13 Jun 2018

Waikeria: Small prison with mental health unit announced

6:52 pm on 13 June 2018

A small prison - rather than a mega-prison - will replace the deteriorating jail at Waikeria, Corrections Minister Kelvin Davis has announced.

Waikeria prison

Waikeria cells are due to be replaced with a small prison instead of a mega one, the Labour-led government has announced today. Photo: RNZ / Dan Cook

Mr Davis announced the plans for a new 500-bed high-security prison,with an attached 100-bed mental health unit - the first of its kind for New Zealand - this afternoon.

The new 500-bed high security prison would replace the current one, which has 426 beds and is over 100 years old.

Half of the cells will be double-bunked, meaning two thirds of the prisoners held at Waikeria will be sharing a cell. Those double bunked cells will be specifically designed for double-bunking.

The capacity for low-security prisoners will remain the same, at 380 beds, and the extra 100-bed mental health facility would add to the overall occupancy.

Overall prison muster at the site will rise from a current capacity for 806 prisoners, up to a maximum of 980.

Mr Davis said small jails worked better because they were safer for staff as well as prisoners, and made rehabilitation more likely.

Corrections Minister Kelvin Davis at the announcement.

Corrections Minister Kelvin Davis at the announcement. Photo: RNZ / Dan Cook

Plans to build a new mega-prison at Waikeria, which would have been the largest in the country, were scrapped by the government last month.

That decision was based on a recent international comparison by the Ministry of Justice, which found a common characteristic of countries with low prison populations was the prevelance of smaller, less crowded prisons.

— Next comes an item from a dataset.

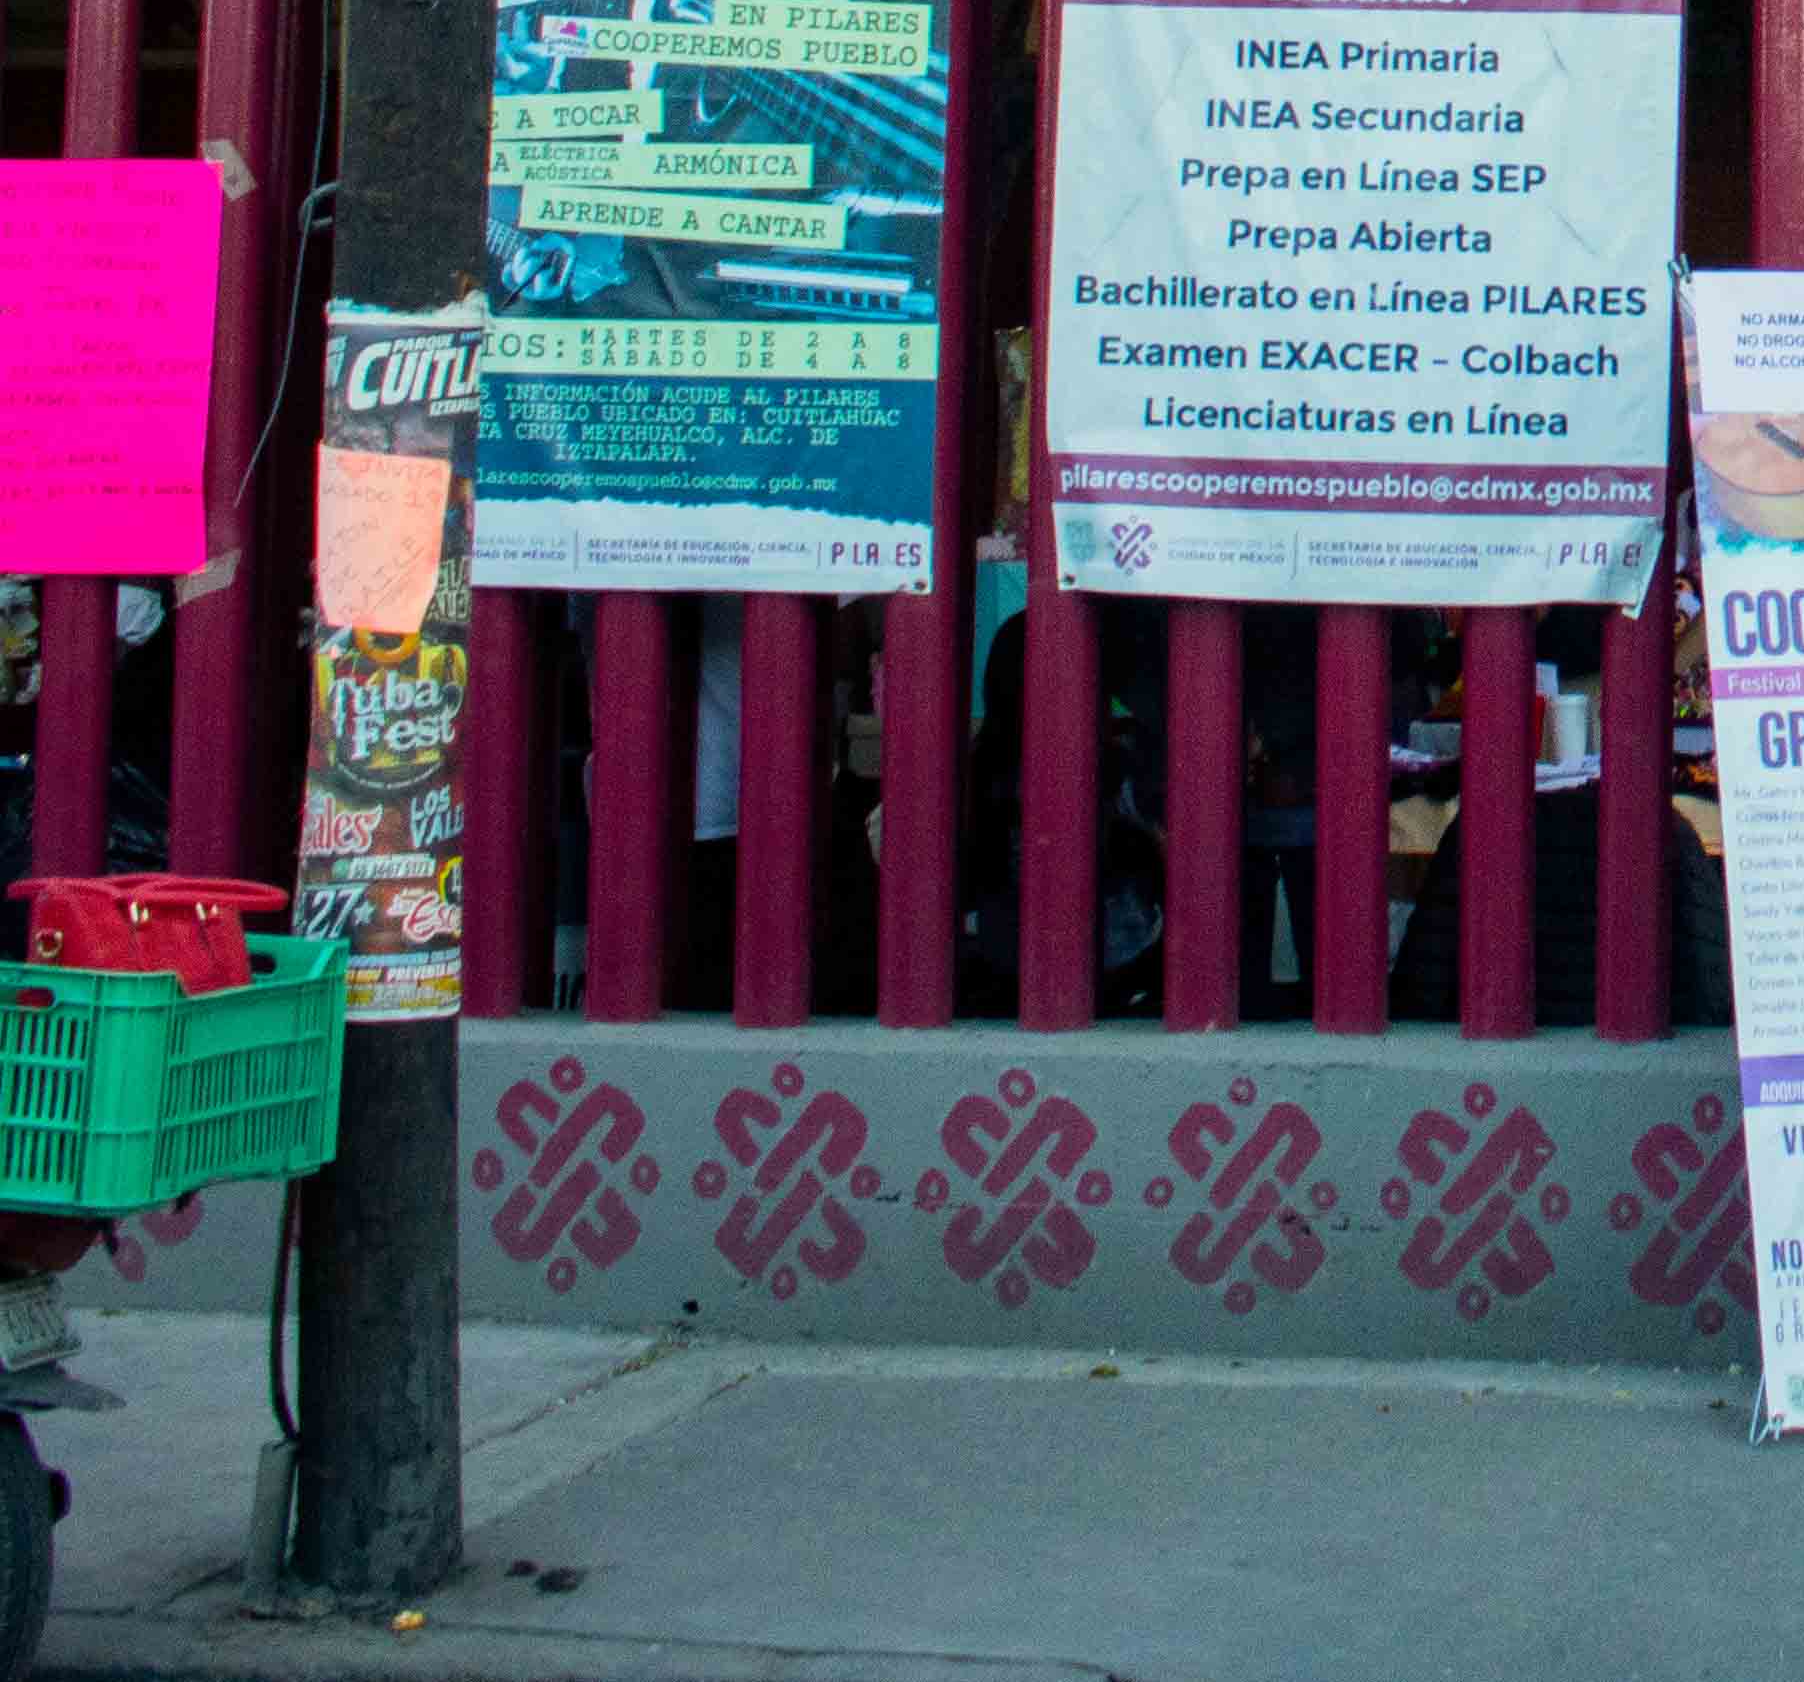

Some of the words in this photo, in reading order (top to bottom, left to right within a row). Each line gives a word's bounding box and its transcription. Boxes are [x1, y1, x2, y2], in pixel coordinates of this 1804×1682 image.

"National's plan to build a mega-prison for up to 2000 prisoners at Waikeria was a clear sign it had given up," Mr Davis said.

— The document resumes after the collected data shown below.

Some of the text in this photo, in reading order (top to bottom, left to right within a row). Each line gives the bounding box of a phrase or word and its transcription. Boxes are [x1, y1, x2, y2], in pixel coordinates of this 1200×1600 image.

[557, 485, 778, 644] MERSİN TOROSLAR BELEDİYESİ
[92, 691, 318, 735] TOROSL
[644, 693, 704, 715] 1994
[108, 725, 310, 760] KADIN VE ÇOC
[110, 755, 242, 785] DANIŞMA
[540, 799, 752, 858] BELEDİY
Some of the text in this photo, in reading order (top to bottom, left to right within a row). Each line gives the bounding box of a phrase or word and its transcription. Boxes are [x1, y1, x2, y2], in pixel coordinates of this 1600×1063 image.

"They are expensive and ineffective, becoming super-sized factories that just turn low-level criminals into hardened criminals."

The prison would be built under a Public-Private Partnership, which the government had previously ruled out for prisons, hospitals, and schools.

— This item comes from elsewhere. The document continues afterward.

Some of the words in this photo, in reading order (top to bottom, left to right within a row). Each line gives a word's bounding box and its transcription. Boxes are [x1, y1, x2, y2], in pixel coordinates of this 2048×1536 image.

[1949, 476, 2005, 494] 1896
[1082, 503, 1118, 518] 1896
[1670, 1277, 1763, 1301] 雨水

A fact sheet released alongside this afternoon's announcement suggested a PPP would allow Corrections to use private sector expertise so that new ideas and innovations could be applied to the project, while delivering value for money.

However, the prison would be run by Corrections rather than a private provider.

Director-General of the Ministry for Primary Industries

Corrections chief executive Ray Smith. Photo: RNZ

Mr Davis said today's announcement set a new direction for prisons in New Zealand "putting public safety first while delivering real rehabilitation and mental health support to reduce reoffending."

The new mental health facility would service urgent need within the country's prison system, he said.

"Sixty-two percent of prisoners have been diagnosed with a mental health or substance abuse disorder in the last 12 months. We currently do very little to help turn these people's lives around," he said.

The high security prison at Waikeria is due to be completed by early 2022.

A report by the prison inspectorate highlighted a range of issues at Waikeria's cells over the past year and deemed it to be not fit for purpose.

Mr Davis and Justice Minister Andrew Little have also been looking at reducing the prison population, with more than 10,000 people behind bars.